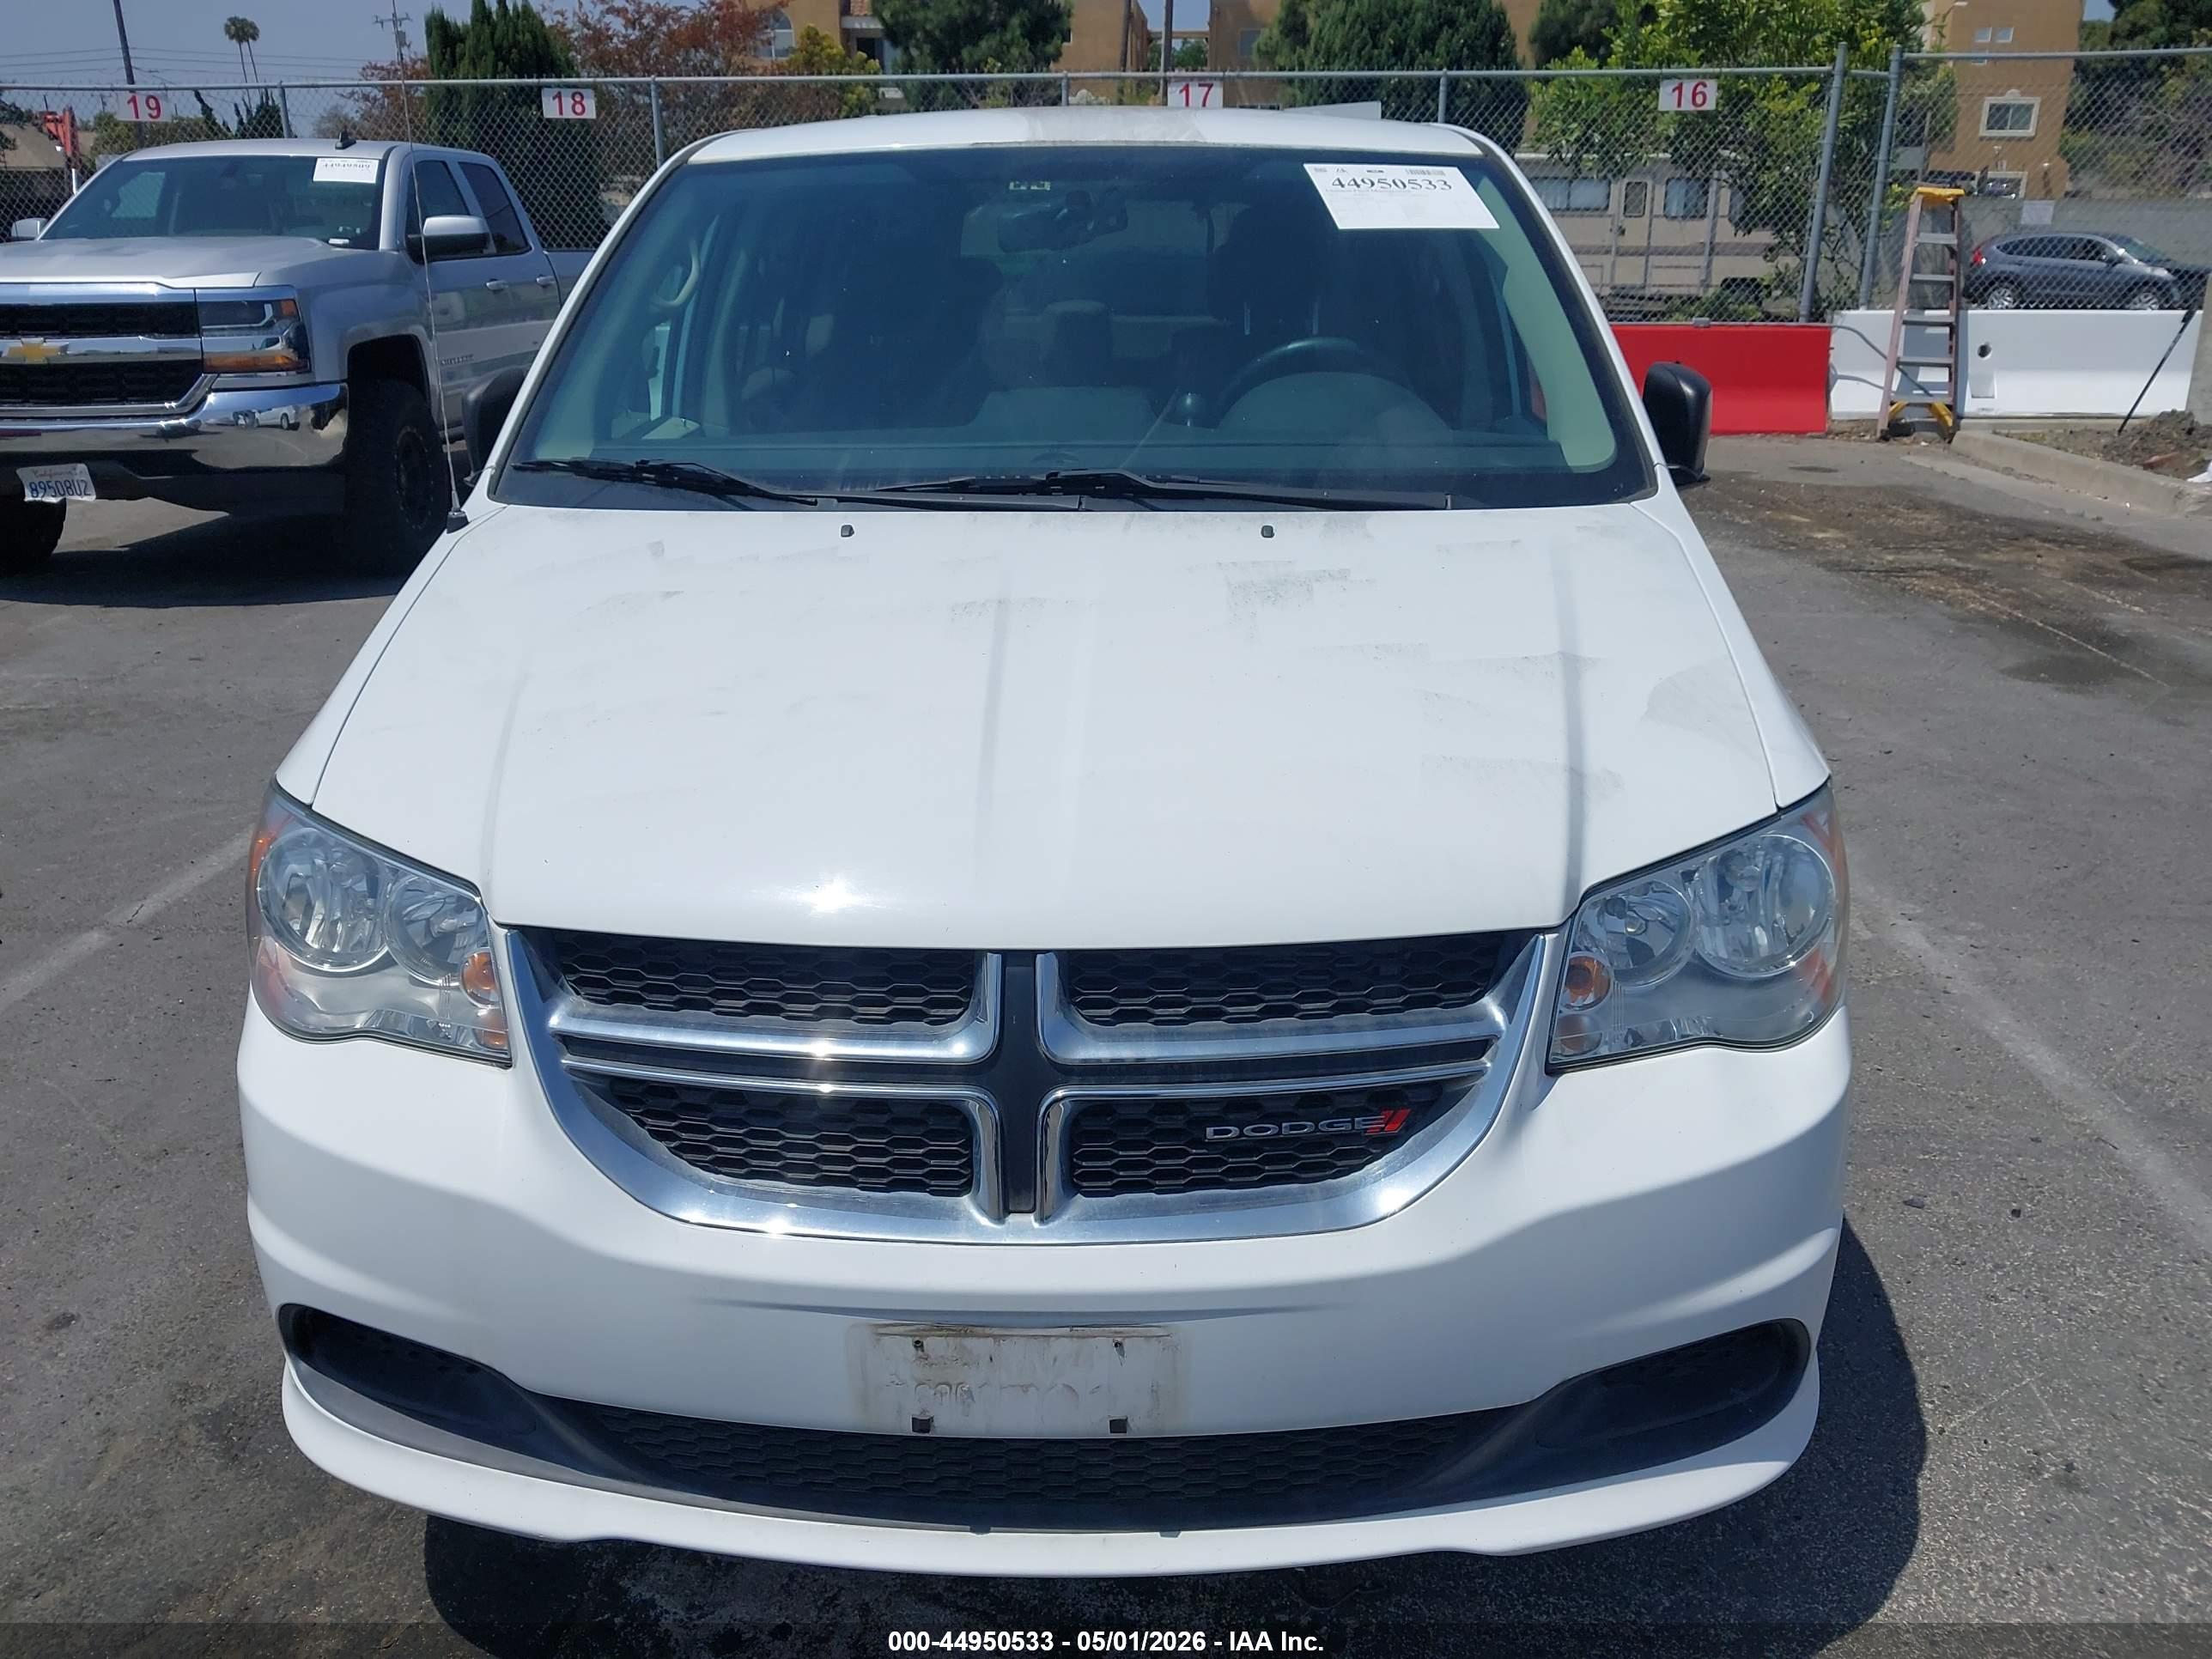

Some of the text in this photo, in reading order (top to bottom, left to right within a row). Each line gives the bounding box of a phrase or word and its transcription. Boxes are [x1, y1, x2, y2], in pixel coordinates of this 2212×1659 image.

[127, 94, 161, 119] 19
[552, 91, 586, 116] 18
[1179, 82, 1213, 107] 17
[1672, 81, 1707, 108] 16
[1332, 177, 1452, 191] 44950533
[28, 479, 92, 498] 89508U2
[1206, 1115, 1385, 1139] DODGE
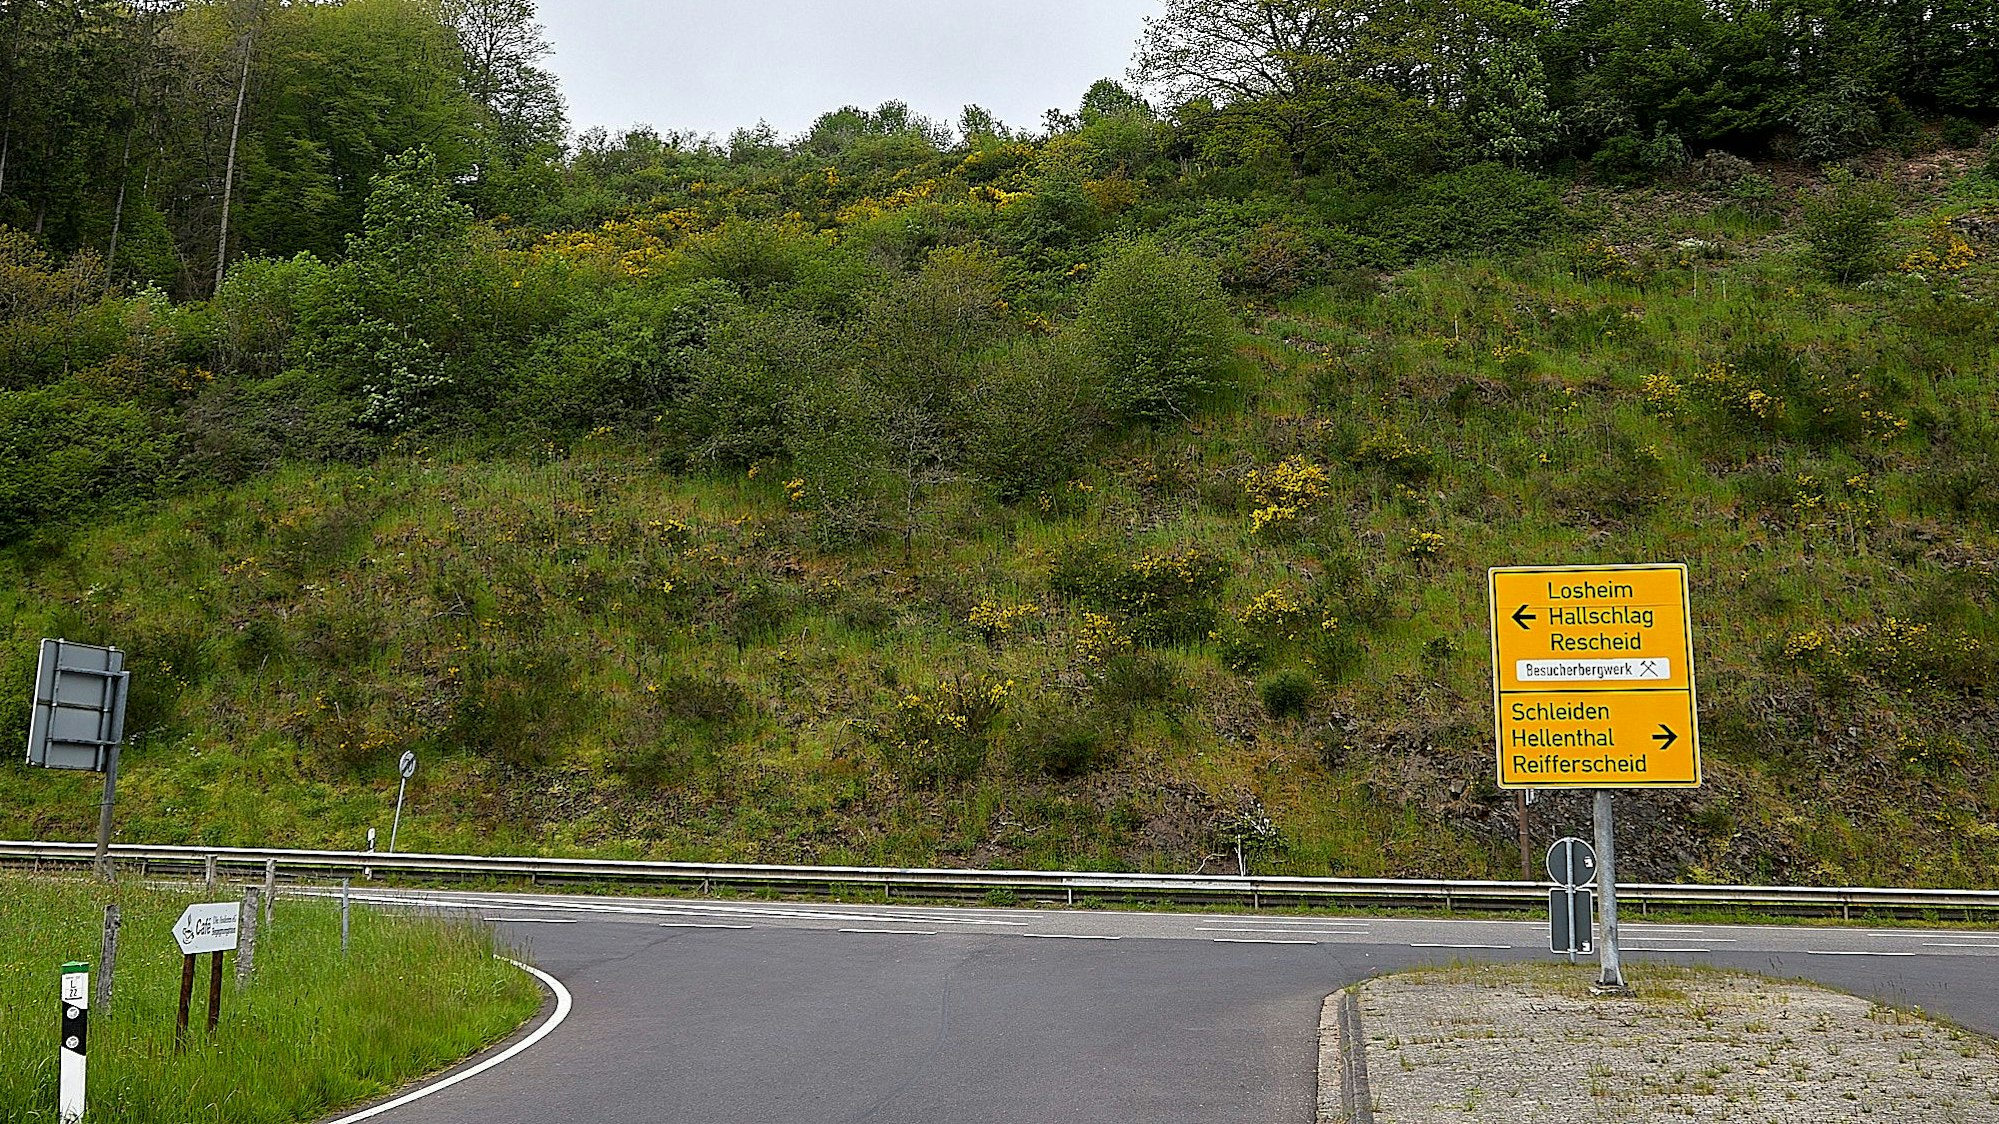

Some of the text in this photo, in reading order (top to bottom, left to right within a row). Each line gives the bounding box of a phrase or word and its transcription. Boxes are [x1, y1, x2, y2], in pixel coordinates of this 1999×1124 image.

[1548, 581, 1633, 599] Losheim
[1549, 606, 1653, 627] Hallschlag
[1551, 632, 1641, 651] Rescheid
[1526, 663, 1633, 679] Besucherbergwerk
[1512, 702, 1609, 721] Schleiden
[1512, 728, 1615, 747] Hellenthal
[1513, 754, 1647, 774] Reifferscheid
[196, 917, 212, 936] Café
[69, 988, 78, 997] 22
[70, 980, 77, 988] L

•••

What you return must match the records exactly, apart from the images, which are omitted.

■ Answer to this task ■
Some of the text in this photo, in reading order (top to bottom, left to right within a row). Each line gives the bounding box of a phrase or word and its transcription. Boxes are [x1, y1, x2, y2], in pixel coordinates of this 2212×1659 image.

[127, 94, 161, 119] 19
[552, 91, 586, 116] 18
[1179, 82, 1213, 107] 17
[1672, 81, 1707, 108] 16
[1332, 177, 1452, 191] 44950533
[28, 479, 92, 498] 89508U2
[1206, 1115, 1385, 1139] DODGE

Some of the text in this photo, in reading order (top to bottom, left to right within a row). Each line gives the bounding box of a phrase or word and its transcription. Boxes are [x1, y1, x2, y2], in pixel coordinates of this 1999×1124 image.

[1548, 581, 1633, 599] Losheim
[1549, 606, 1653, 627] Hallschlag
[1551, 632, 1641, 651] Rescheid
[1526, 663, 1633, 679] Besucherbergwerk
[1512, 702, 1609, 721] Schleiden
[1512, 728, 1615, 747] Hellenthal
[1513, 754, 1647, 774] Reifferscheid
[196, 917, 212, 936] Café
[69, 988, 78, 997] 22
[70, 980, 77, 988] L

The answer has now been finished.